Task » Each entry should be duplicated verbatim; its pictures should not be.

Stored data entries
<<<<

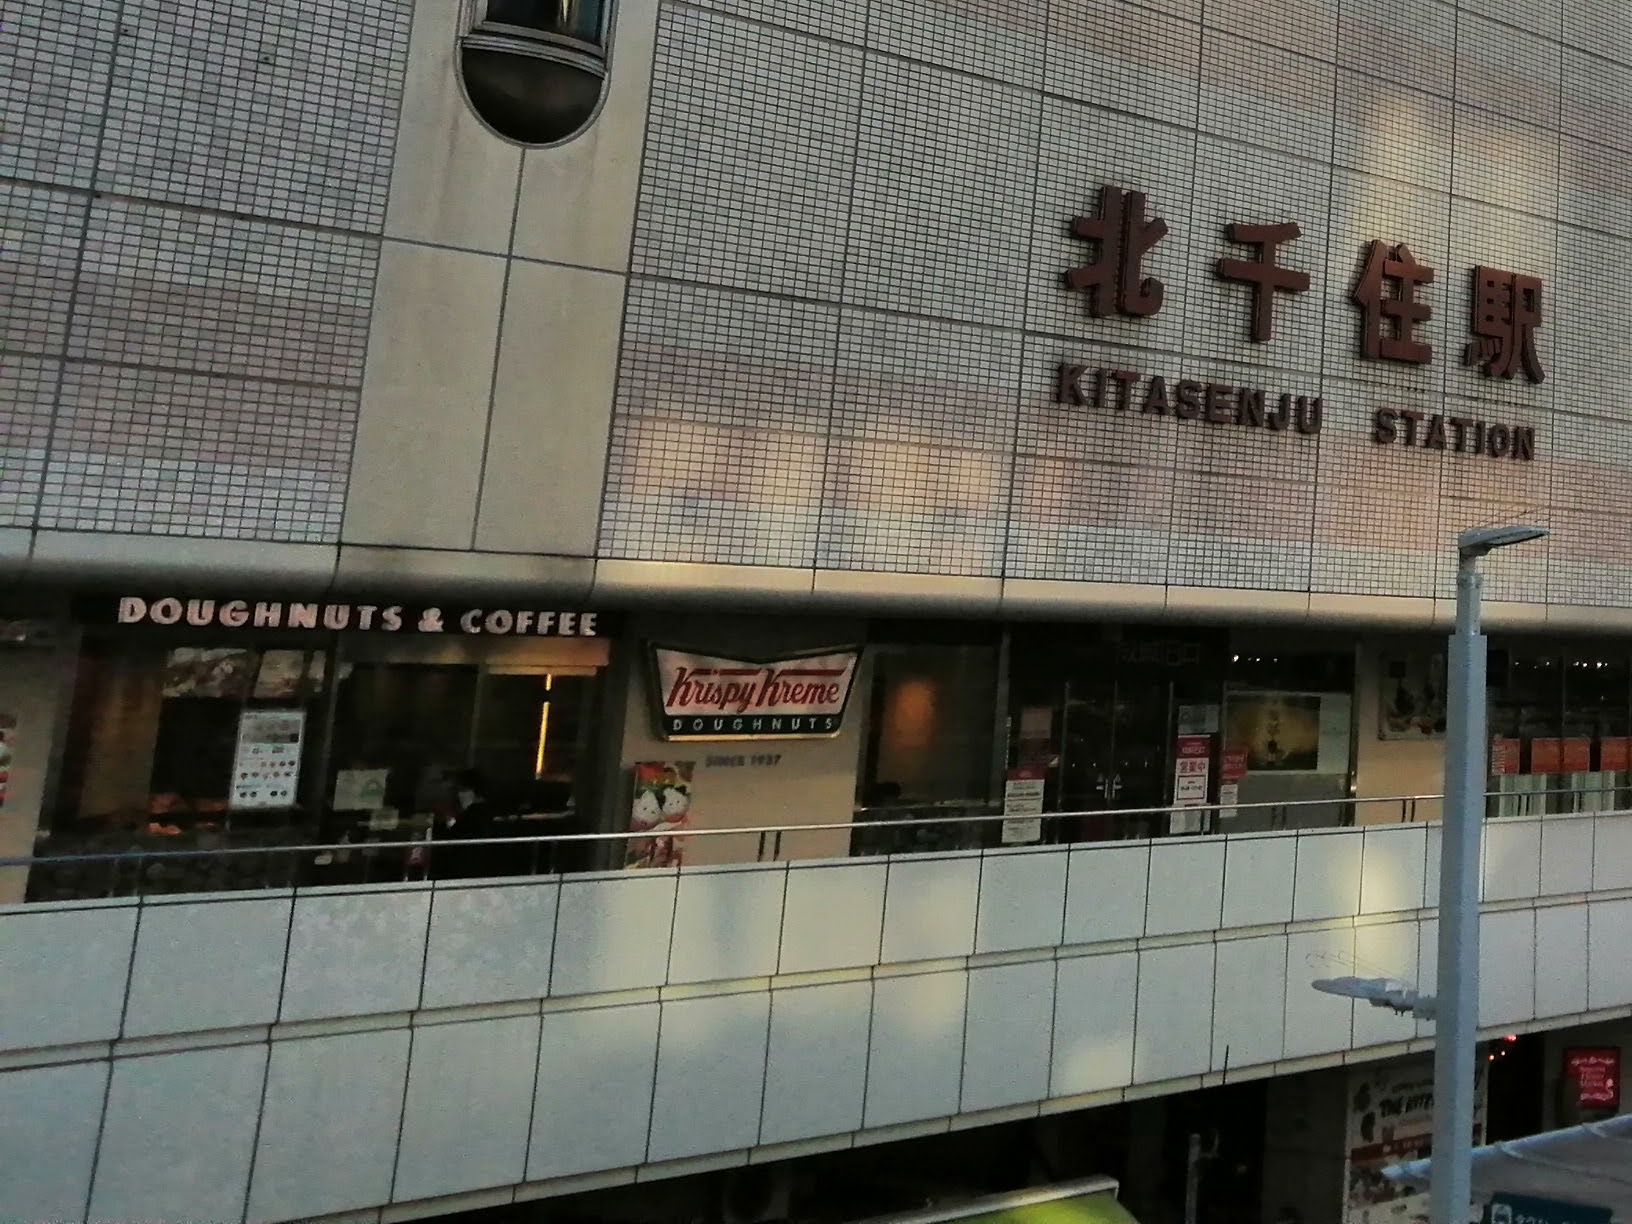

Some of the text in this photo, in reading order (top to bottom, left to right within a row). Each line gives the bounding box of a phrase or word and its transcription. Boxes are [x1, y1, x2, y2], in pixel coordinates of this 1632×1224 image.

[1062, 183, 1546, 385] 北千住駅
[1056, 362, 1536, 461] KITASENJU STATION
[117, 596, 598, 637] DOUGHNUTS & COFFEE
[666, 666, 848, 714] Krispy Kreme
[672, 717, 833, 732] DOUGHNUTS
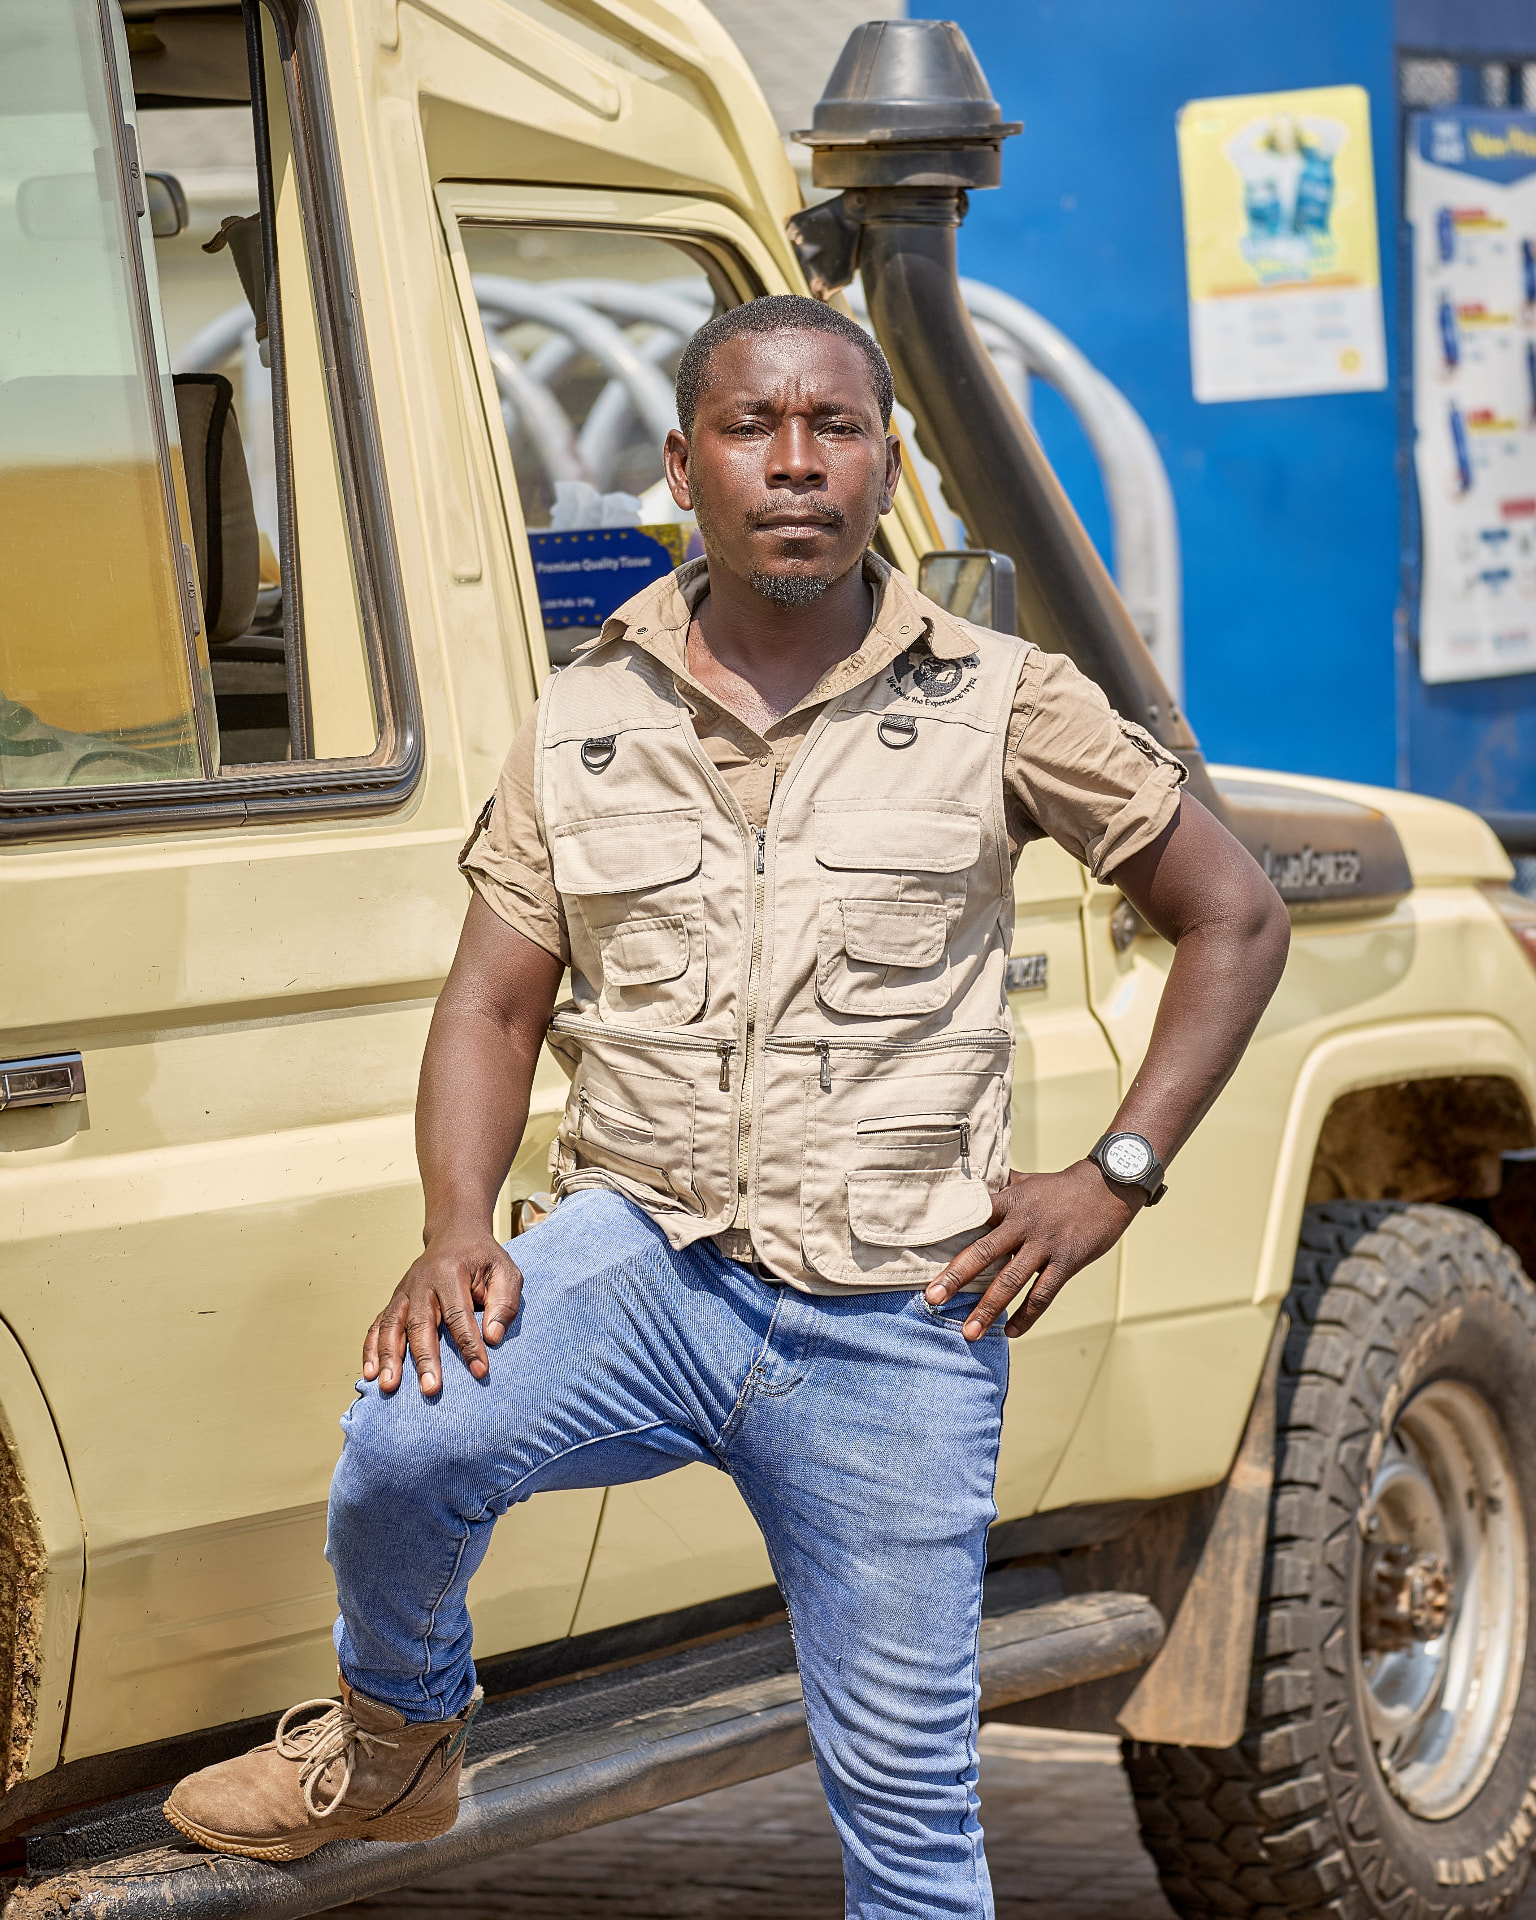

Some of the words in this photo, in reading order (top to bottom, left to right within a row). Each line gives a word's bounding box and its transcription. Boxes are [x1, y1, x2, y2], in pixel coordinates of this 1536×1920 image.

>>>>

Answer space »
Some of the text in this photo, in reading order (top to bottom, left to right within a row). Each line gives the bounding box of a phrase or word and its transcription. Boxes are [x1, y1, x2, y2], in pixel coordinates of this 1632×1224 image.

[1062, 183, 1546, 385] 北千住駅
[1056, 362, 1536, 461] KITASENJU STATION
[117, 596, 598, 637] DOUGHNUTS & COFFEE
[666, 666, 848, 714] Krispy Kreme
[672, 717, 833, 732] DOUGHNUTS

Some of the words in this photo, in reading order (top to bottom, left to right within a row). Each line gives a word's bounding box and its transcription. Boxes are [x1, y1, x2, y2], in pixel coordinates of this 1536×1920 image.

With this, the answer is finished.